Mono corrupted D files
AsmMan via Digitalmars-d
digitalmars-d at puremagic.com
Wed Sep 3 20:03:31 PDT 2014
On Thursday, 4 September 2014 at 02:22:27 UTC, Sativa wrote:
> On Wednesday, 3 September 2014 at 21:13:31 UTC, AsmMan wrote:
>> Something very strange happened 2/3 days ago. Two of my D
>> files of the project I was working on got all values replaced
>> by 0 (that's what I seen rather D code if I open the file with
>> a hex debugger). The file size of both files keep intact
>> although. And no, I have no backup of these files. I had a old
>> copy of it on a external hard drive but I needed to format it
>> to use in something else and didn't put my files before it...
>>
>> Instead of turn off my windows machine I always hirbenate it
>> and left open all stuff and then I just back quickly to point
>> where I was on. That day, when I logged on system I noticied
>> first non-usual behavior: the machine looked like I had
>> restarted it instead of hibernate. All stuff I left open
>> (including mono) wasn't open anymore. I find it strage but
>> moved on. But to my surprise when I open mono, the "recent
>> projects" always available on left menu bar was empty. Just
>> like I had installed mono not used yet. I open my project
>> directly by clicking on "open" and navigating to folder of
>> projec and then I see the two of main project files with a
>> values set to zero.
>>
>> Can some Mono expected help me?
>> My question is: can I recovery these files? or what remains to
>> me is cry?
>> restore the system didn't helped (and I neither expected to
>> but I tried)
>>
>> Not sure if it is related: that day my machine had no a
>> network connection.
>
> You have probably already lost the data, but it is possible
> that a different copy of the file is located on the drive.
How can I check it?
>If you've restored a backup you are probably screwed.

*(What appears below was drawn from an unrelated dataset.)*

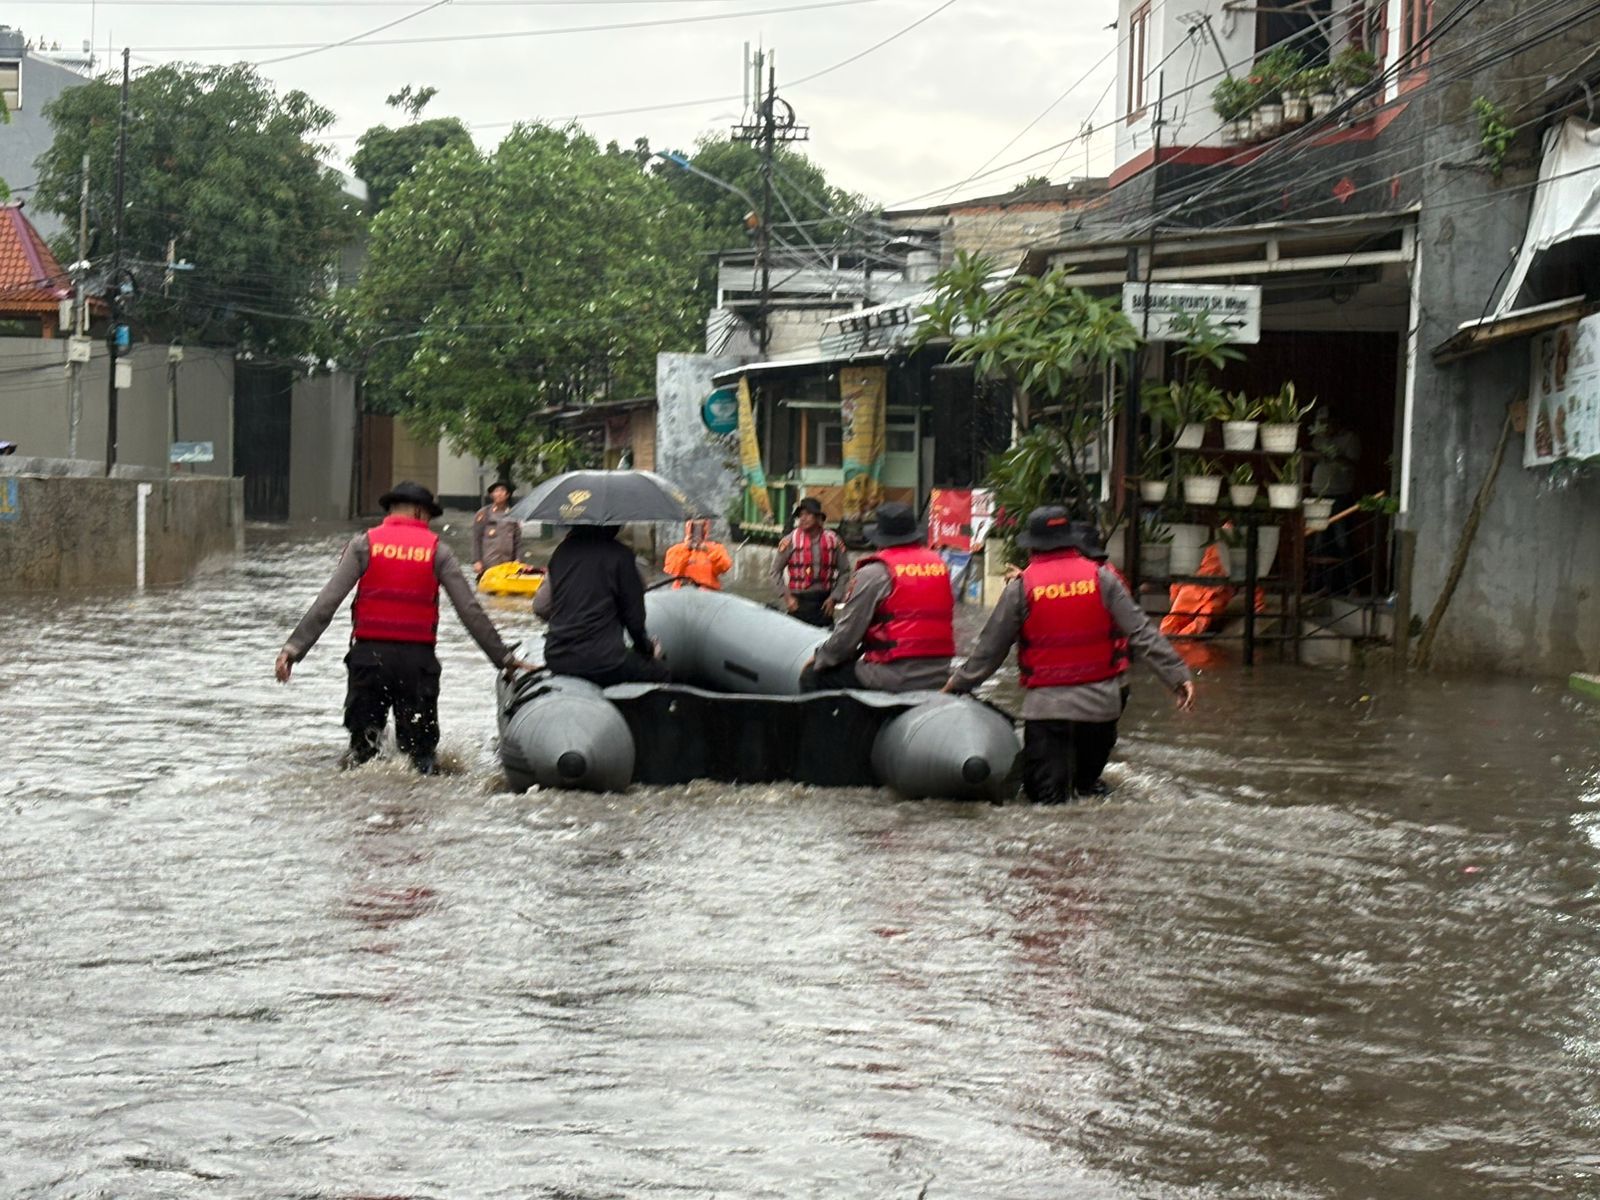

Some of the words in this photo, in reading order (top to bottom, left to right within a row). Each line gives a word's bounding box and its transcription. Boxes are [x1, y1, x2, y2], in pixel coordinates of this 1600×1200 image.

[371, 543, 432, 562] POLISI
[895, 562, 946, 577] POLISI
[1033, 579, 1096, 602] POLISI

Which backup are you talking about? the windows' native one? if
so, I didn't because it isn't turned on.
> Sometimes programs will store files in a temp directory or when
> they save the file it won't overwrite the old one, but delete
> it and make a new one.
did you mean to I delete the .d file and open mono and it may
make a new copy from temporary directory?
> These can be recovered in many cases as long as the data hasn't
> be overwritten by other files. They may not exist on the file
> system but in the free space, you have to use an undelete
> program that does a low level scan of the file system for
> deleted files.
What software do you recommend? I tried recuva but it didn't show
even a single d file...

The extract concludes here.